A polícia e agências federais estão respondendo a uma enorme violação de dados pessoais vinculados a um esquema de reconhecimento facial que foi implementado em bares e clubes em toda a Austrália. O incidente destaca as crescentes preocupações com a privacidade à medida que o reconhecimento facial alimentado por inteligência artificial se torna mais amplamente utilizado, desde shoppings até eventos esportivos.

A empresa afetada é a Outabox, com sede na Austrália e escritórios também nos Estados Unidos e nas Filipinas. Em resposta à pandemia de Covid-19, a Outabox lançou um quiosque de reconhecimento facial que verifica os visitantes e verifica sua temperatura. Os quiosques também podem ser usados para identificar jogadores problemáticos que se inscreveram em uma iniciativa de auto-exclusão. Esta semana, um site chamado “Have I Been Outaboxed” surgiu, alegando ser criado por ex-desenvolvedores da Outabox nas Filipinas. O site pede aos visitantes que informem seu nome para verificar se suas informações foram incluídas em um banco de dados de dados da Outabox, que o site alega ter controles internos frouxos e foi compartilhado em uma planilha não segura. Ele afirma ter mais de 1 milhão de registros.

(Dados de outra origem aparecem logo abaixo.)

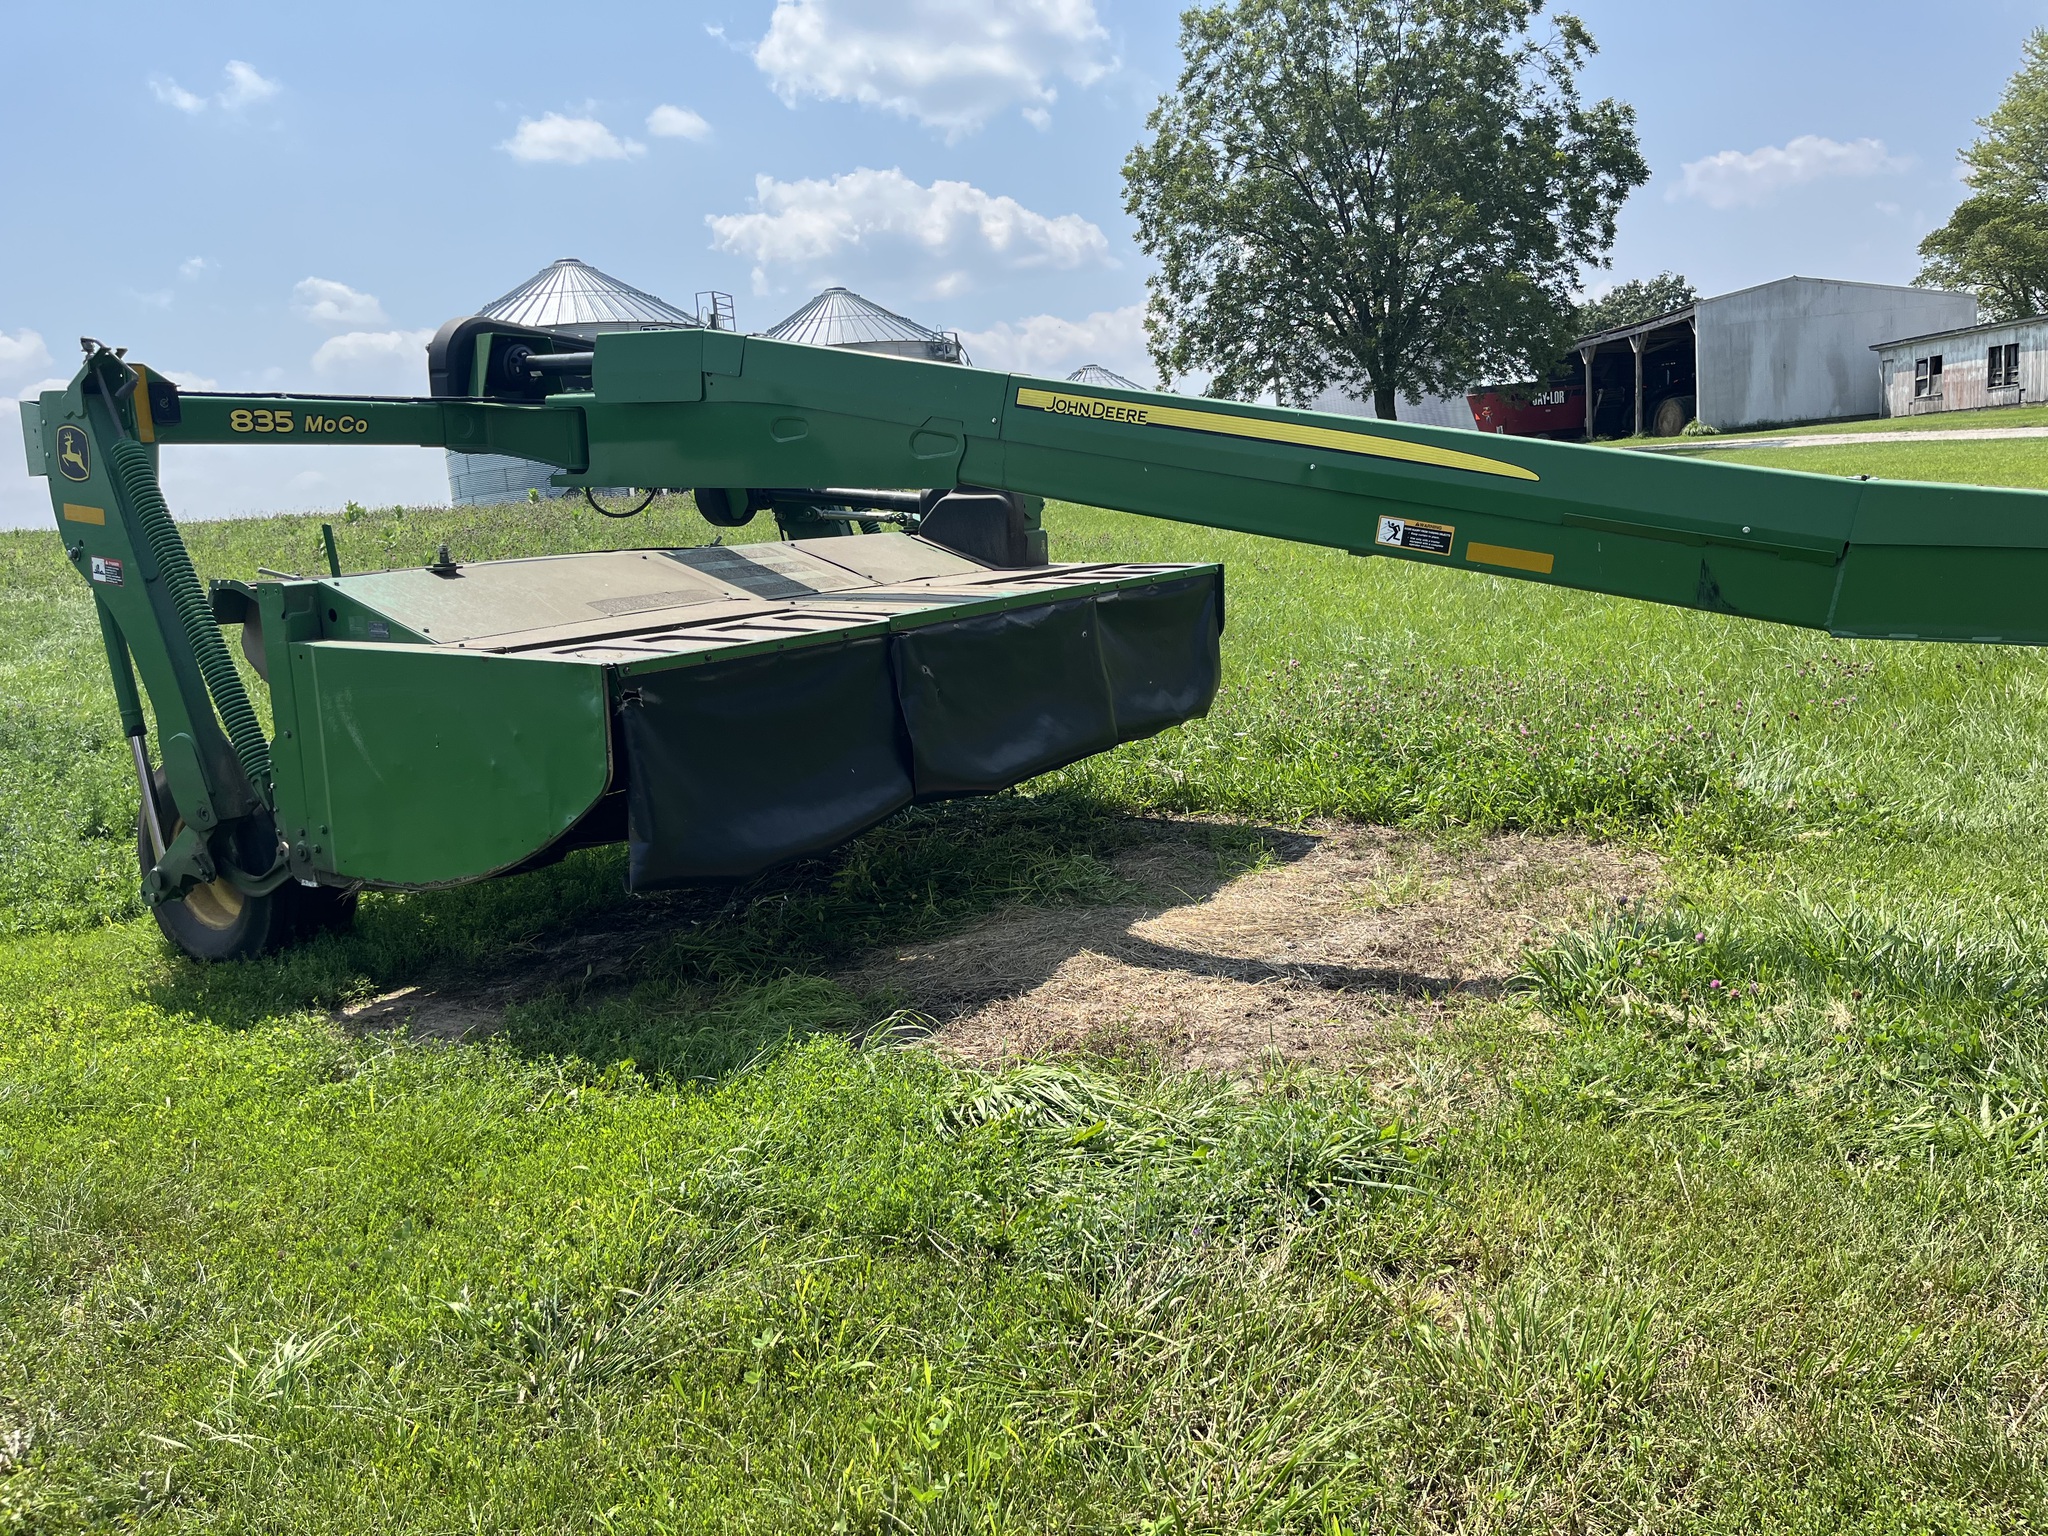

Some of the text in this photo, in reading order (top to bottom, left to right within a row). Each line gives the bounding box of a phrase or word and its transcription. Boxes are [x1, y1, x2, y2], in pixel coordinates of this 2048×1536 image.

[229, 408, 368, 433] 835 MoCo
[1046, 396, 1148, 422] JOHN DEERE

O incidente irritou especialistas em privacidade que há muito tempo têm levantado o alerta sobre a expansão dos sistemas de reconhecimento facial em espaços públicos, como clubes e cassinos.

“Infelizmente, este é um exemplo horrível do que pode acontecer como resultado da implementação de sistemas de reconhecimento facial invasivos da privacidade”, diz Samantha Floreani, chefe de política da Digital Rights Watch, organização sem fins lucrativos de privacidade e segurança com sede na Austrália, à WIRED. “Quando defensores da privacidade alertam sobre os riscos associados a sistemas baseados em vigilância como este, as violações de dados são um deles”.

De acordo com o site Have I Been Outaboxed, os dados incluem “biometria de reconhecimento facial, digitalização de carteira de motorista, assinatura, dados de associação ao clube, endereço, data de nascimento, número de telefone, horários de visita ao clube, uso de máquinas caça-níqueis”. Ele alega que a Outabox exportou os “dados de associação inteira” da IGT, um fornecedor de máquinas de jogos de azar. O vice-presidente de comunicações globais da IGT, Phil O’Shaughnessy, diz à WIRED que “os dados afetados por este incidente não foram obtidos da IGT” e que a empresa trabalhará com a Outabox e as autoridades policiais.

Os proprietários do site publicaram uma foto, assinatura e uma carteira de motorista editada pertencente a um dos fundadores da Outabox, bem como uma captura de tela editada da suposta planilha interna. A WIRED não conseguiu verificar de forma independente a identidade dos proprietários do site ou a autenticidade dos dados que afirmam ter. Um e-mail enviado para um endereço no site não foi respondido.

“A Outabox está ciente e está respondendo a um incidente cibernético que potencialmente envolve algumas informações pessoais”, disse um porta-voz da Outabox à WIRED. “Estivemos em comunicação com um grupo de nossos clientes para informá-los e esboçar nossa estratégia de resposta. Devido à investigação policial australiana em andamento, não podemos fornecer mais informações neste momento”.

A força policial de New South Wales confirmou à WIRED que estava investigando uma violação de dados na quarta-feira, mas um porta-voz se recusou a compartilhar mais detalhes. Na quinta-feira, a força policial, trabalhando em conjunto com agências federais e estaduais, prendeu um homem de 46 anos não identificado em um subúrbio de Sydney. Ele deve ser acusado de extorsão.